Two hospital-based case-control studies were conducted in central and eastern Europe and Latin America. CASE / CONTROL SELECTION: Cases and controls were recruited in Moscow (Russia), Bucharest (Romania) and Lodz and Warsaw (Poland) from 1998 to 2002, and from 1998 to 2003 in Buenos Aires (Argentina), La Habana (Cuba) and the Brazilian towns Rio de Janeiro, São Paulo, Pelotas, Porto Alegre and Goiânia. Incident cases of squamous cell carcinoma of the head and neck (oral cavity, pharynx, larynx) and oesophagus, as well as age- (in quinquennia) and sex frequency-matched controls, were enrolled from 1998 to 2003. Control subjects included residents of the study areas for at least 1 year who were admitted to the same hospitals as the cases or in a comparable catchment area (controls in São Paulo were not recruited from oncology hospitals, and population-based controls were enrolled in Warsaw). Controls were hospitalised for prespecified conditions thought to be unrelated to tobacco use or alcohol consumption. Both studies were coordinated by the International Agency for Research on Cancer according to an identical protocol for both case and control recruitment.

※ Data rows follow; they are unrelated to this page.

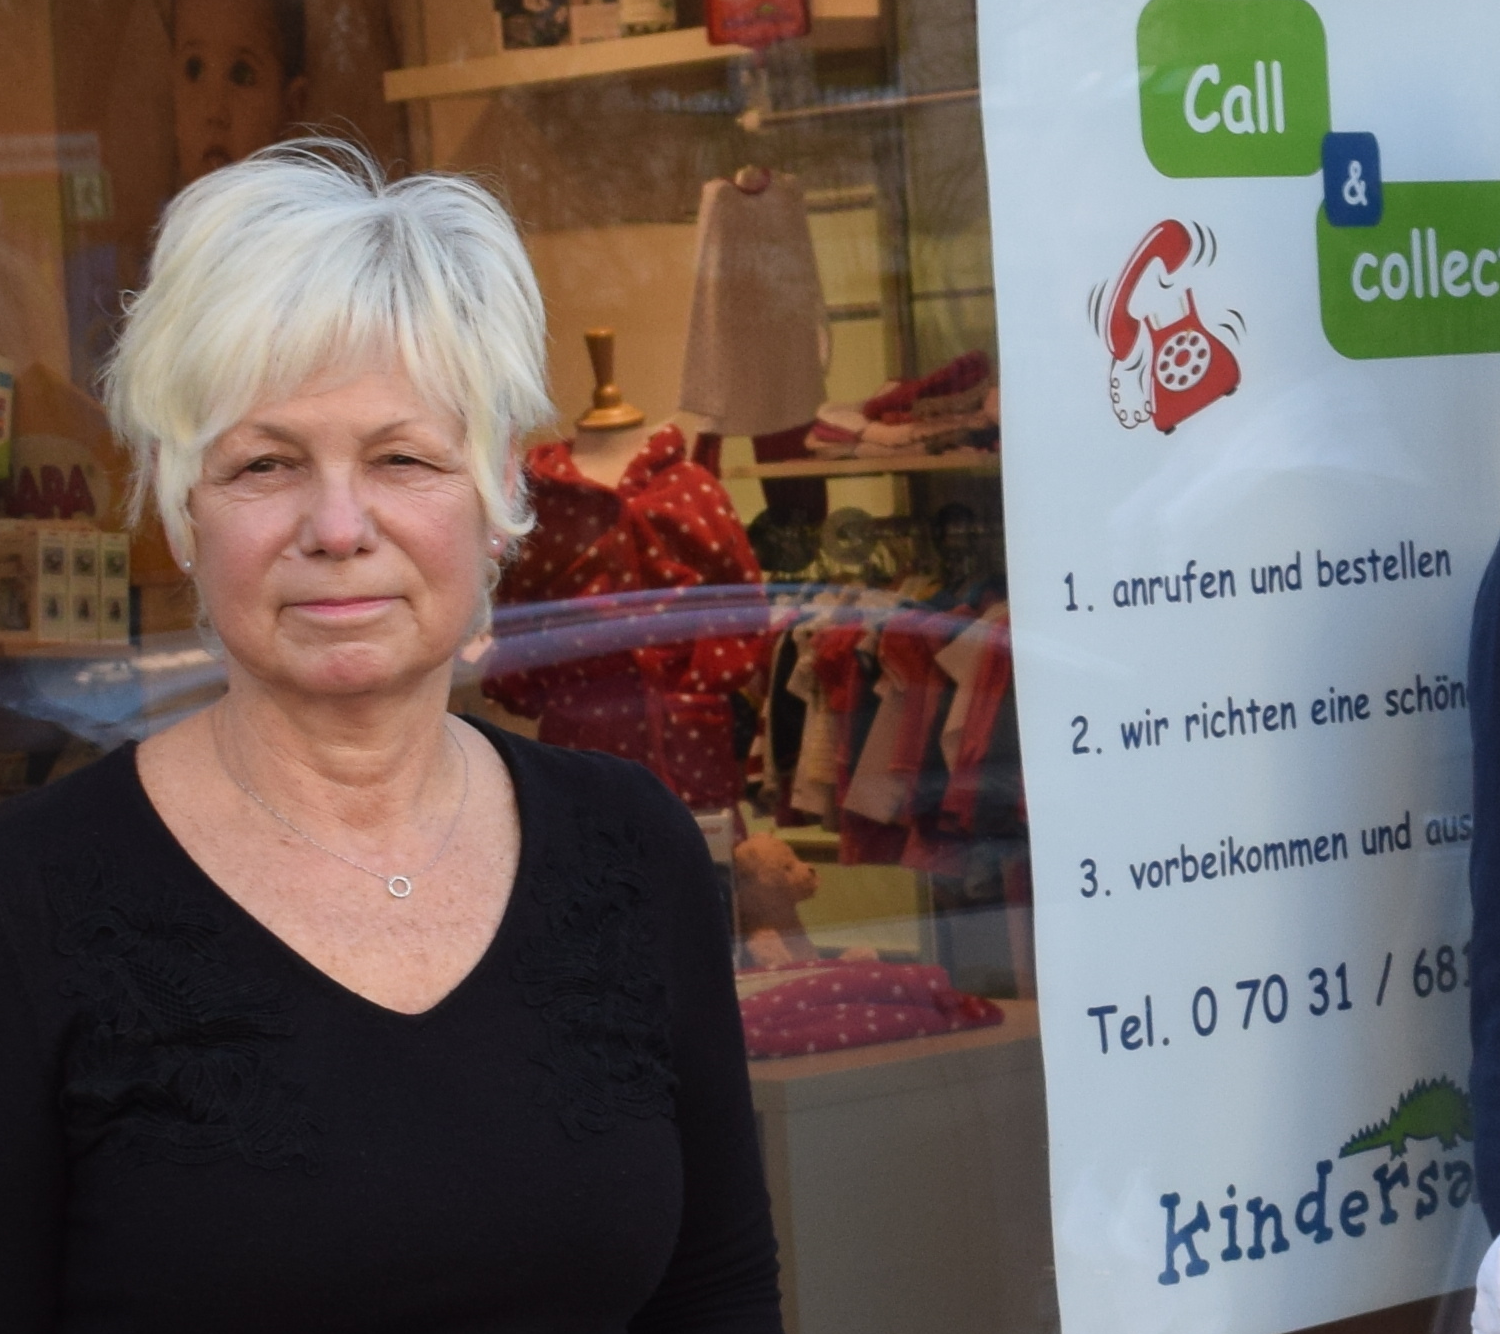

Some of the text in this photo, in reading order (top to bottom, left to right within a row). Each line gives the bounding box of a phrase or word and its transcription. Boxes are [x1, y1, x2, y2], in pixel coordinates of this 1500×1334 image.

[1182, 61, 1286, 135] Call
[1342, 159, 1369, 208] &
[1064, 540, 1453, 613] 1. anrufen und bestellen
[1071, 673, 1469, 756] 2. wir richten eine schön
[1079, 858, 1112, 898] 3.
[1128, 835, 1349, 890] vorbeikommen
[1360, 810, 1412, 856] und
[1087, 993, 1170, 1055] Tel.
[1191, 985, 1218, 1037] 0
[1235, 973, 1289, 1030] 70
[1307, 962, 1353, 1016] 31
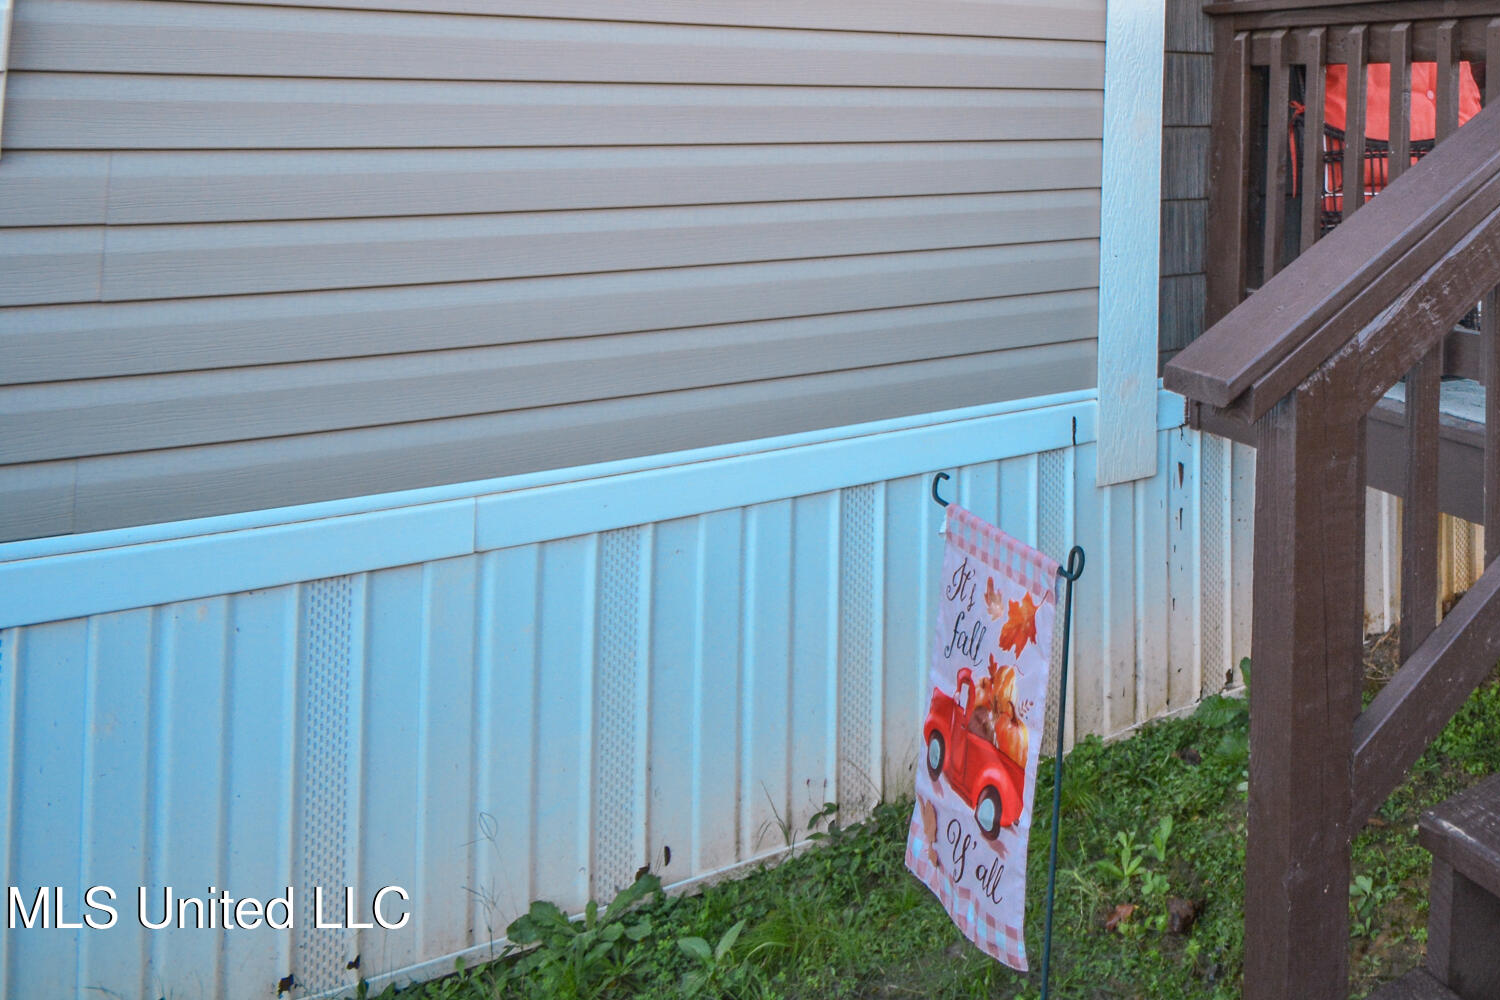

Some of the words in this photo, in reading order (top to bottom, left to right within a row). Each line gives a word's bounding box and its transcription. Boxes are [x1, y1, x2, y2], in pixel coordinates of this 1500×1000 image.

[946, 556, 976, 612] It's
[944, 610, 987, 667] fall
[946, 818, 1005, 905] Y'all
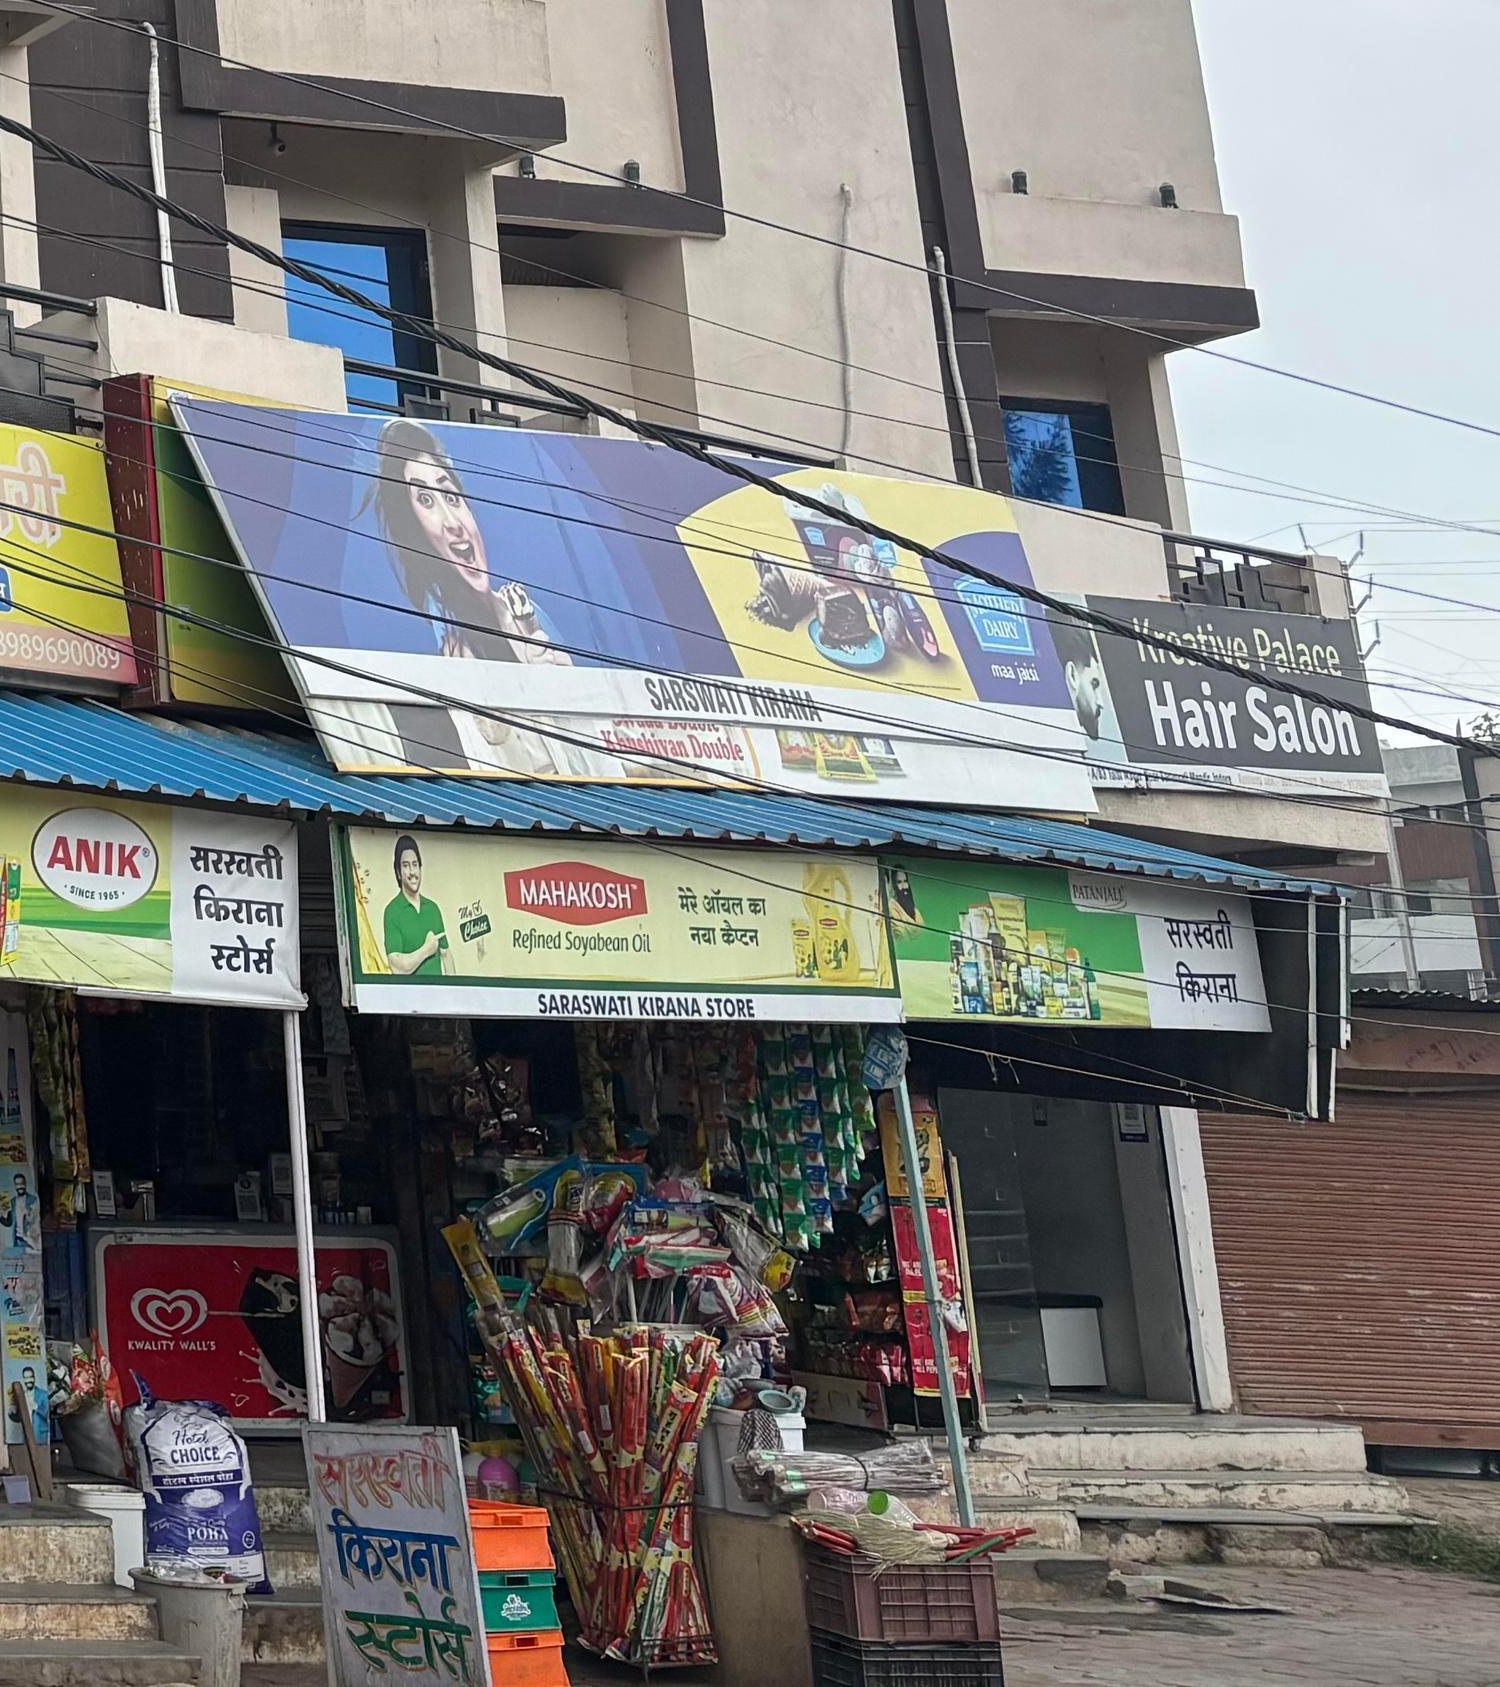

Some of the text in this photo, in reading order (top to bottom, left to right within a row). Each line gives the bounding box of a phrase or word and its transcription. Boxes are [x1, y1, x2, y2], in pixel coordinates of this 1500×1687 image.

[982, 618, 1020, 640] DAIRY
[1132, 617, 1343, 676] Kreative Palace
[991, 662, 1040, 685] maa jaisi
[644, 677, 823, 723] SARSWATI KIRANA
[1144, 680, 1361, 756] Hair Salon
[688, 734, 744, 761] Double
[47, 835, 142, 879] ANIK
[190, 845, 284, 880] सरस्वती
[69, 885, 120, 900] SINCE 1965
[194, 884, 284, 928] किराना
[519, 879, 632, 909] MAHAKOSH
[679, 886, 766, 916] मेरे ऑयल का
[1072, 883, 1124, 904] PATANJALI
[513, 929, 652, 957] Refined Soyabean Oil
[689, 926, 717, 945] नया
[1164, 909, 1234, 950] सरस्वती
[210, 935, 276, 975] स्टोर्स
[1176, 961, 1240, 1003] किराना
[538, 994, 755, 1018] SARASWATI KIRANA STORE
[128, 1340, 216, 1351] KWALITY WALL'S
[172, 1429, 209, 1446] Hotel
[170, 1445, 221, 1464] CHOICE
[327, 1508, 461, 1594] किराना
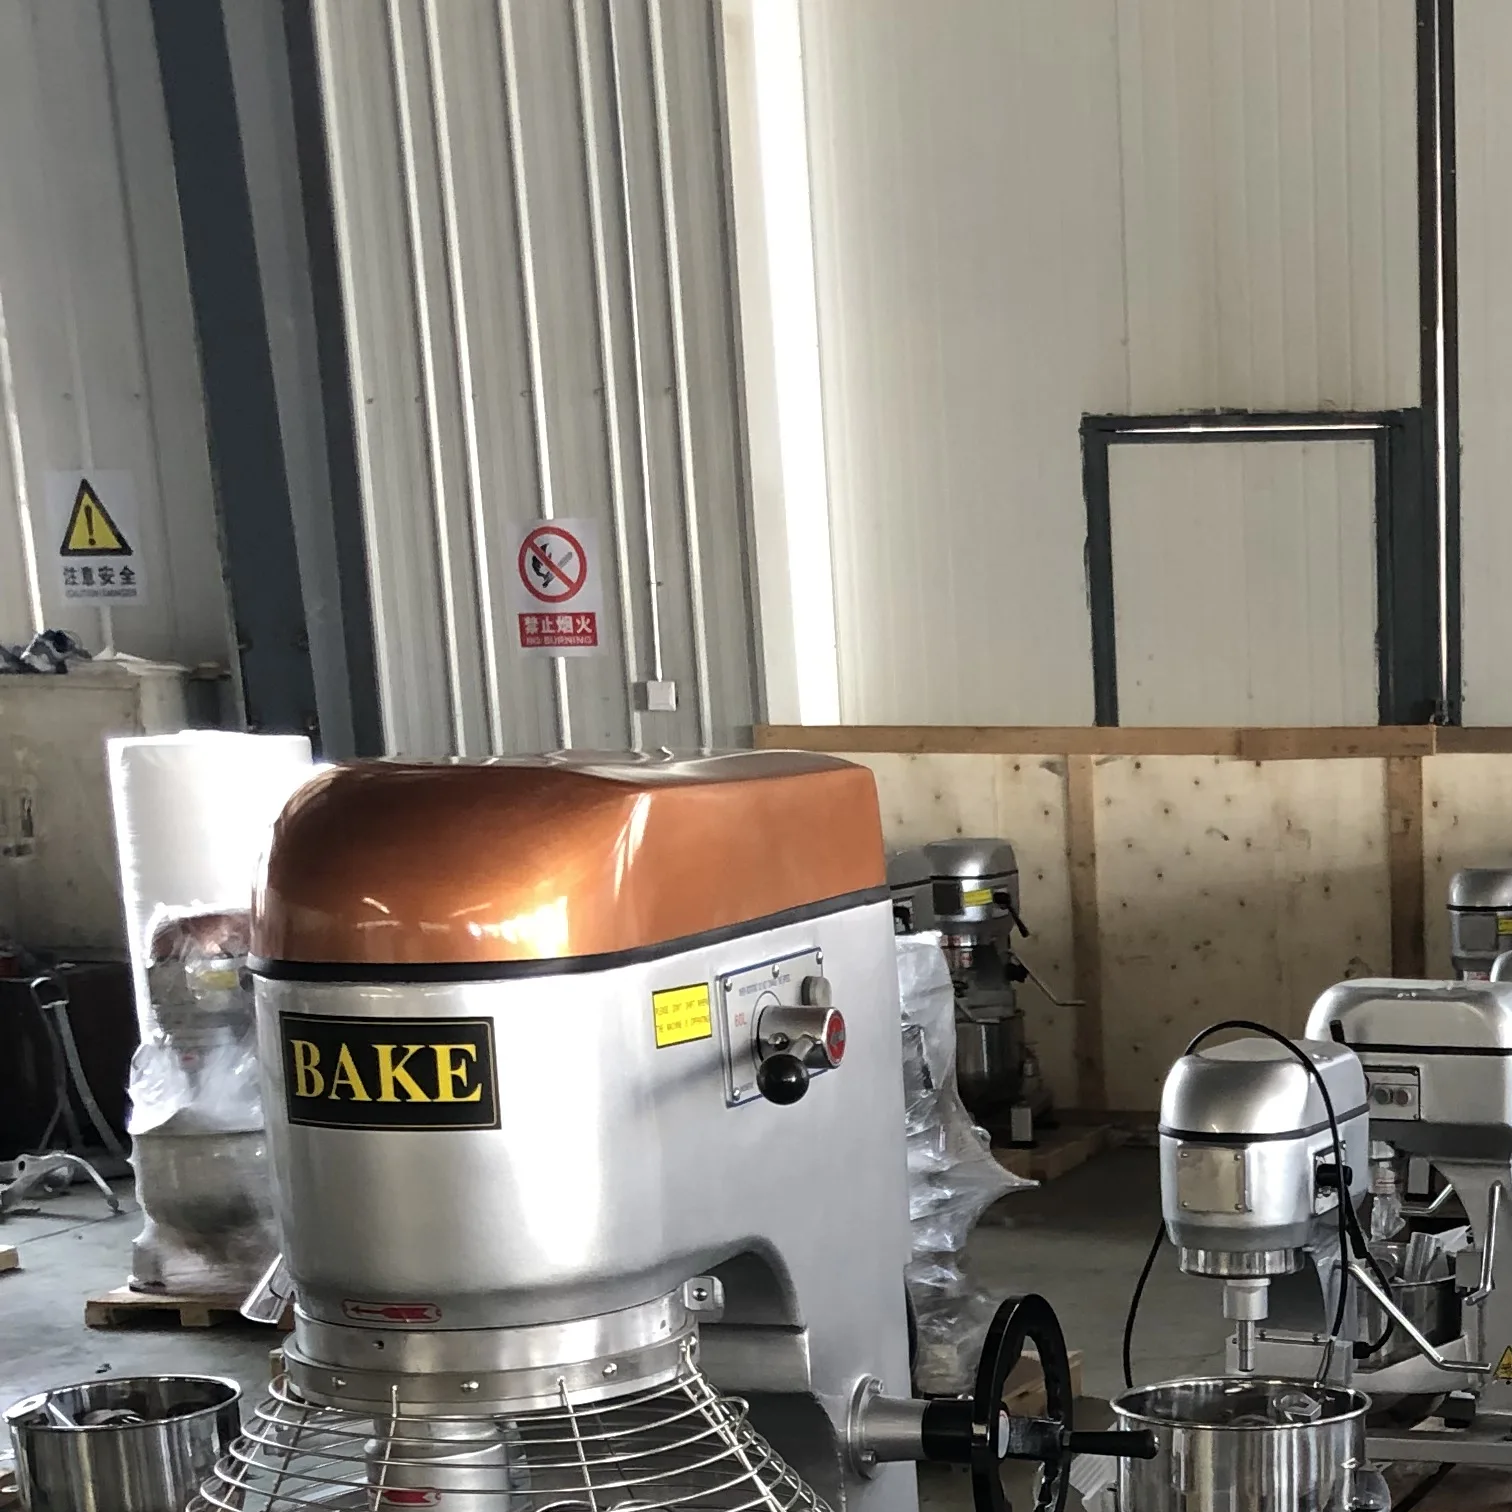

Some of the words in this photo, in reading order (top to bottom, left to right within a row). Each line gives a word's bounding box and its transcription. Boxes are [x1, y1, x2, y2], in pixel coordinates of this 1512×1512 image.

[63, 565, 136, 586] 注意安全
[524, 615, 593, 635] 禁止烟火
[543, 635, 592, 645] BURNING
[290, 1039, 483, 1103] BAKE

Data from the central European and Latin American studies were analysed separately. Multivariable logistic regression models, including terms for oral health indicators, age, sex, education, country (central Europe) or centre (Latin America), tobacco pack-years and cumulative alcohol consumption, were used to obtain odds ratios (OR) and 95% confidence intervals (CI). All oral hygiene indicators and covariates were analysed as categorical variables, except for age, cumulative alcohol consumption, tobacco pack-years, and age when full-time education was completed, which were analysed as continuous variables. Case-control comparisons were made using t tests for continuous variables and chi-square tests for categorical variables; two-sided P values were obtained. Effect modification was assessed by stratifying on smoking (never/ former/ current) and drinking (never/ ever) habit. Heterogeneity between centres was tested.


Risk factors for head and neck cancer, independent of tobacco use and alcohol consumption, were as follows: poor condition of the mouth [central Europe OR, 2.89 (95% CI, 1.74-4.81); Latin America OR, 1.89 (95% CI, 1.47-2.42)]; lack of toothbrush use [Latin America OR, 2.36 (95% CI, 1.28-4.36)], and daily mouthwash use [Latin America OR, 3.40 (95% CI,1.96-5.89]. Missing six to 15 teeth was an independent risk factor for oesophageal cancer [central Europe OR, 2.84 (95% CI, 1.26-6.41); Latin America OR, 2.18 (95% CI, 1.04-4.59)].


These results indicate that periodontal disease (as indicated by poor condition of the mouth and missing teeth) and daily mouthwash use may be independent causes of cancers of the head, neck and oesophagus.